I do not have much time to speak—I want to hear the Minister's response to the questions that other hon. Members have asked—but I wish to raise one issue that has not been mentioned: the progress of the Lomé peace agreement. I hope that the Minister will put some flesh on the bones of that agreement and tell us what progress is being made. Specifically, I should like to know what efforts have been made to transform the RUF into a political party, as was part of the agreement, and whether that transformation is happening. The disarmament, demobilisation and reintegration of former combatants is a key part of reconstruction, so perhaps the Minister could let us know what progress is being made on that front. Furthermore, the release of prisoners of war was due to take place; has that happened? I hope that the Minister will also tell us about humanitarian assistance throughout Sierra Leone, which was another objective of the Lomé peace agreement.

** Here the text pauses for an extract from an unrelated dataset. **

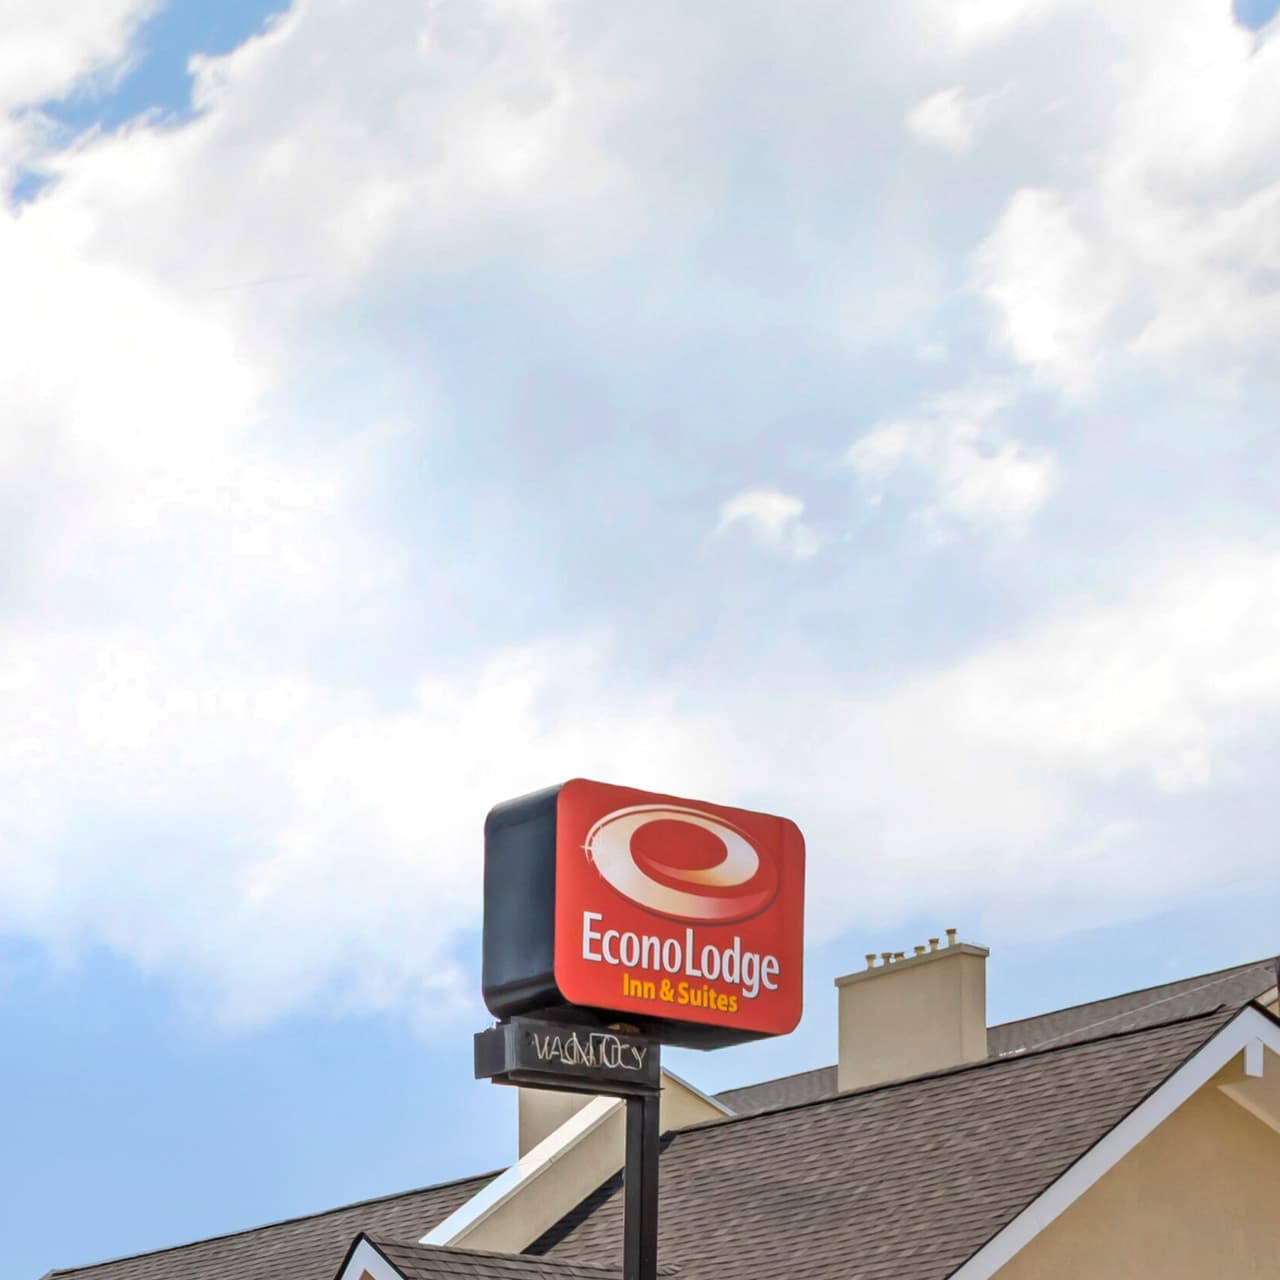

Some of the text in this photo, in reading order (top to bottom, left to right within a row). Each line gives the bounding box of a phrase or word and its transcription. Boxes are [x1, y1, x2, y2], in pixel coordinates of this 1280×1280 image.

We have not heard about the truth and reconciliation commission that was to be set up; perhaps the Minister can inform us of the latest position on that. My hon. Friend the Member for New Forest, East raised the prospect of bringing before an international criminal court the perpetrators of some of the horrendous crimes that have been committed. We would all support that aim, but part of the Lomé peace agreement was an amnesty for crimes committed before the agreement's signature. I should like to know about the progress of those amnesties, how many have been granted and to whom. Another part of the agreement related to the exploitation of natural resources in Sierra Leone. It would be helpful to have an update on what legitimate exploitation has taken place. We know of the doubts that still hang over the illegitimate use of diamonds and possible intervention and interference by neighbouring countries, but I hope that the Minister will tell us what has been happening legitimately on that front.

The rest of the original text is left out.